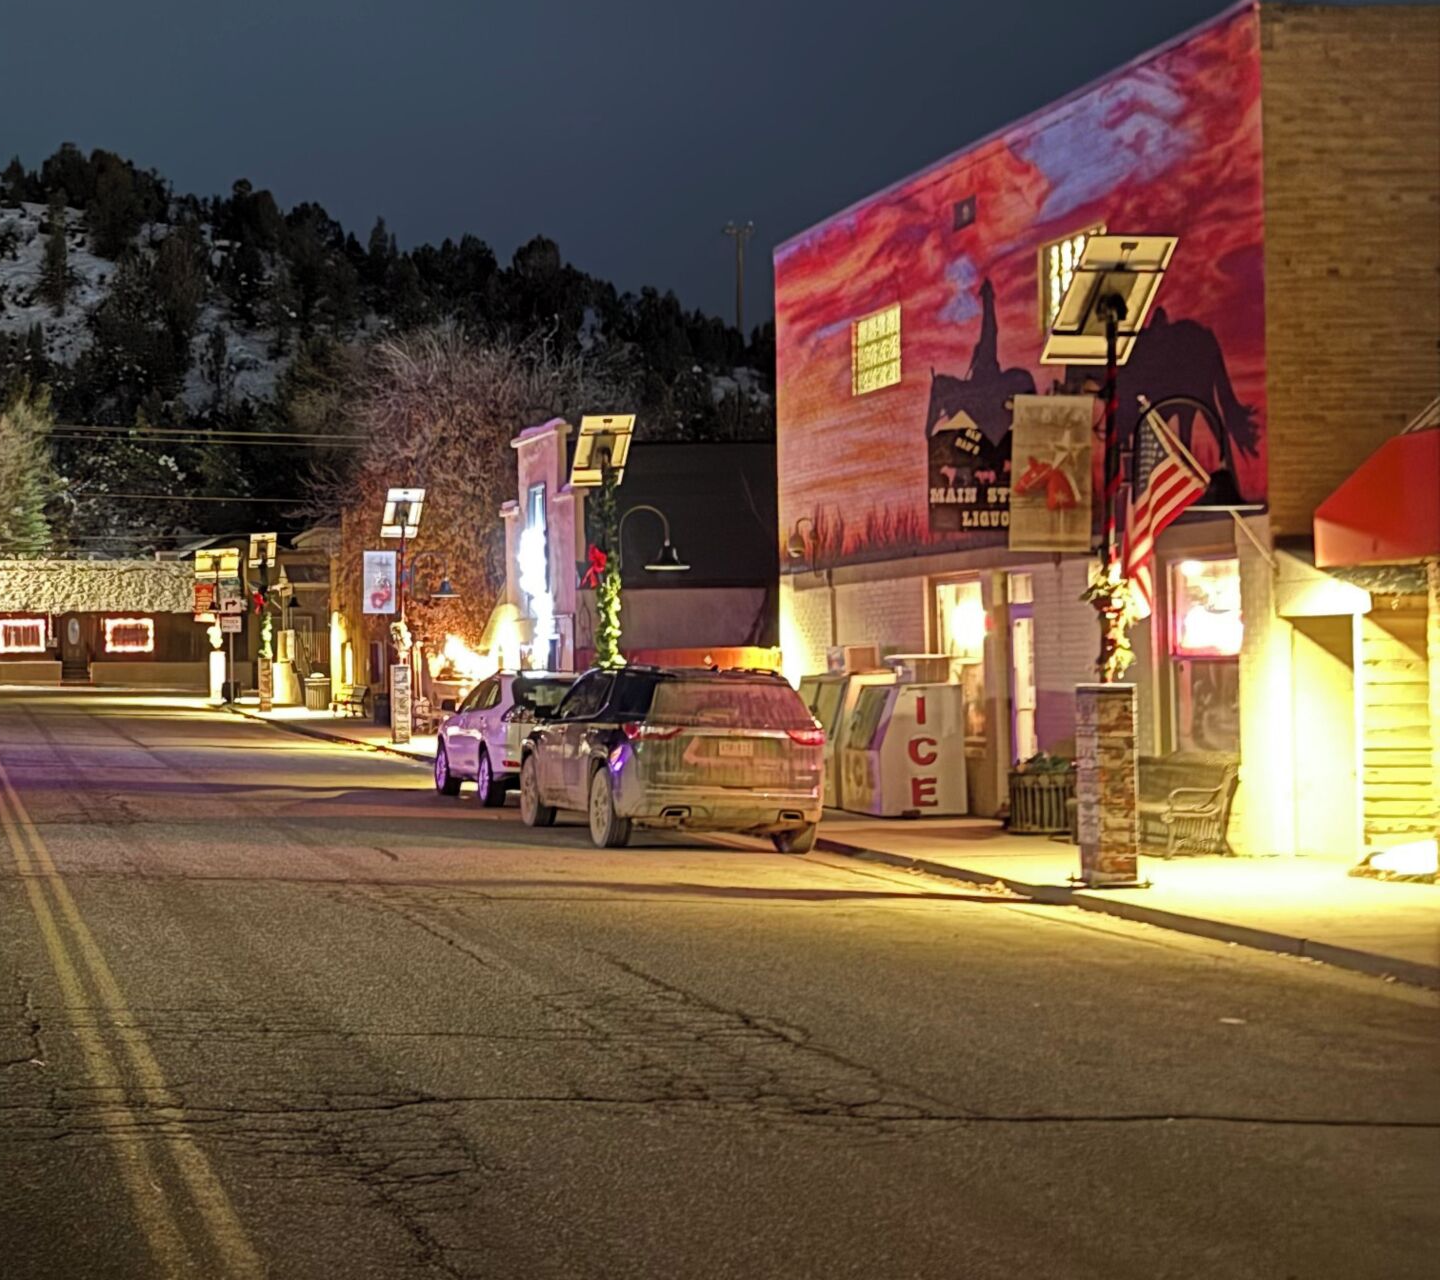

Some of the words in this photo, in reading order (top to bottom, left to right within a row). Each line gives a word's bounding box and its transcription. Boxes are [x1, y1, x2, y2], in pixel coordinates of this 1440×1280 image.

[930, 487, 977, 504] MAIN
[987, 487, 1011, 504] ST
[962, 510, 1010, 527] LIQUO
[907, 696, 939, 807] ICE
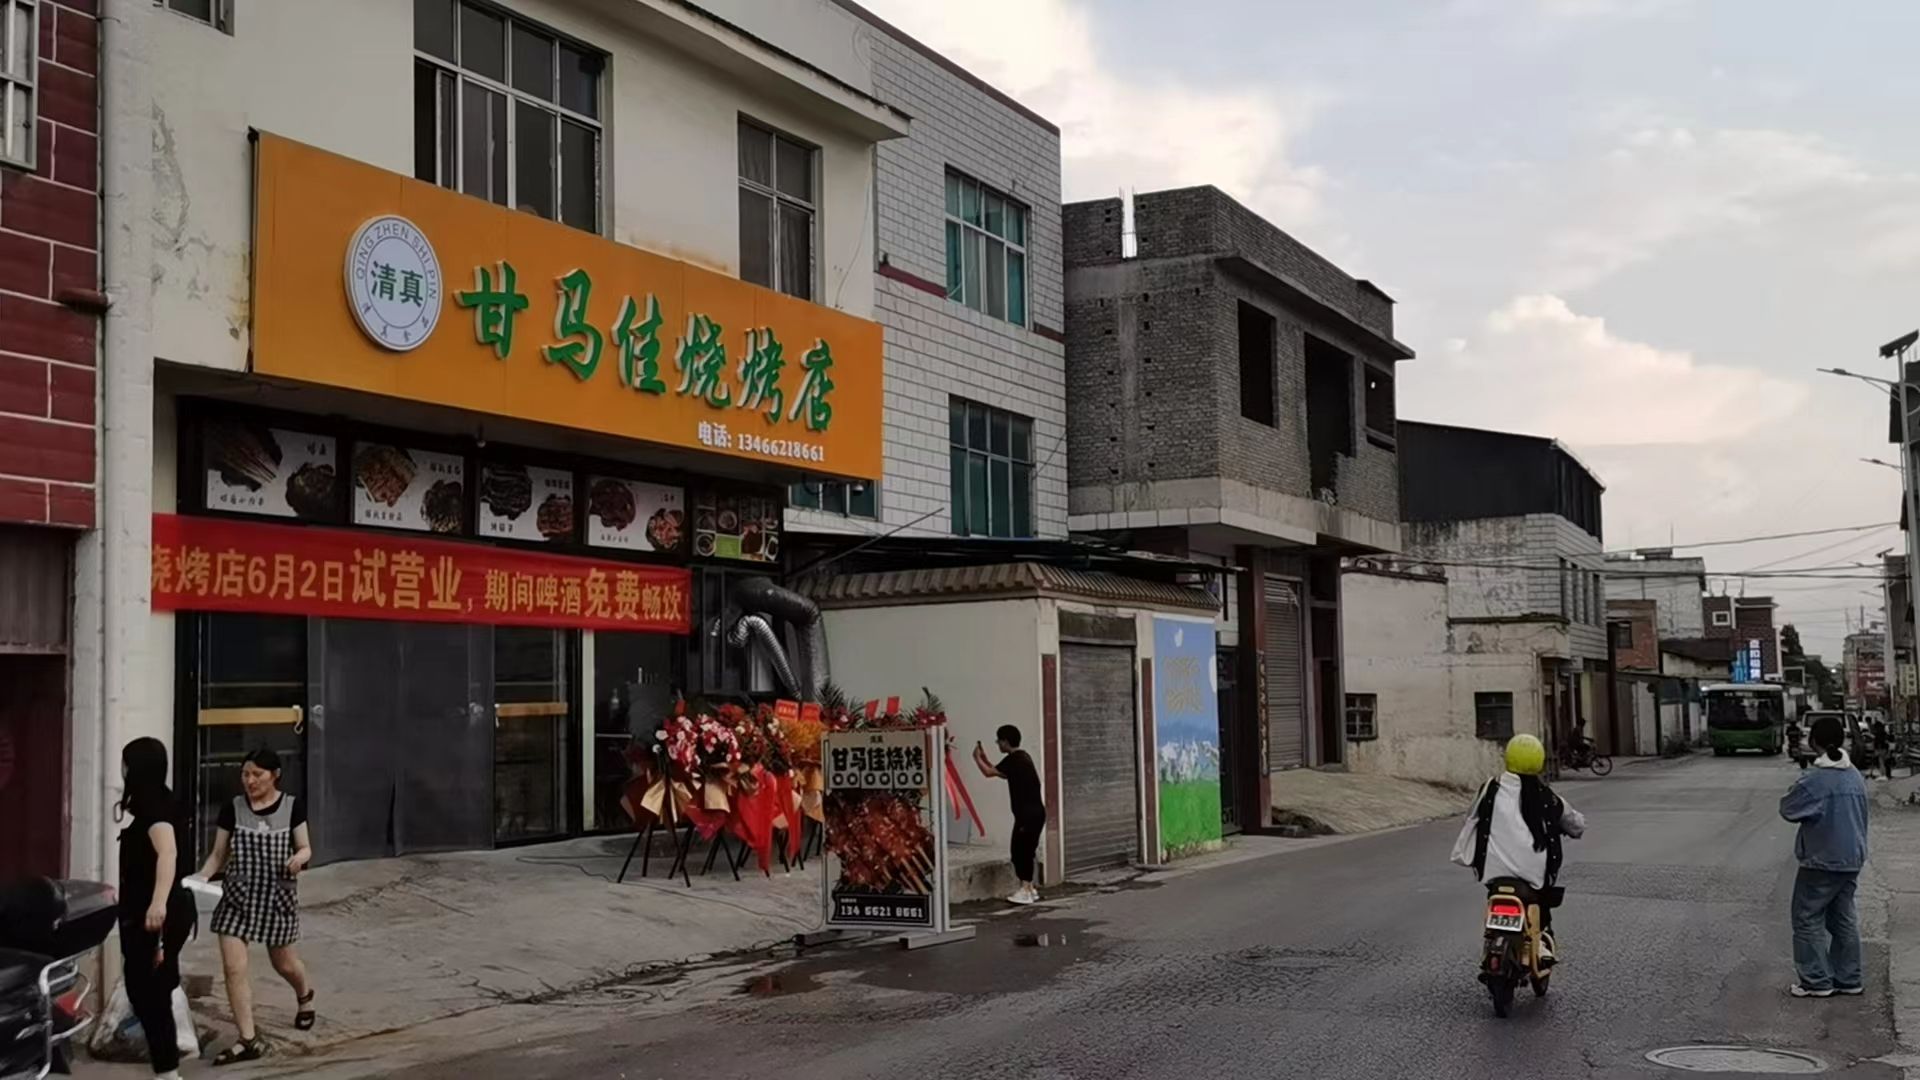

• Exercise prompt: Repeat each record exactly, with the pictures left out.

• Answer below:
Some of the words in this photo, in reading order (top to bottom, left to right within a row). Each line gives a word's bounding box and its transcription. Boxes are [x1, y1, x2, y2], in pixel coordinates of this 1440×1280 image.

[930, 487, 977, 504] MAIN
[987, 487, 1011, 504] ST
[962, 510, 1010, 527] LIQUO
[907, 696, 939, 807] ICE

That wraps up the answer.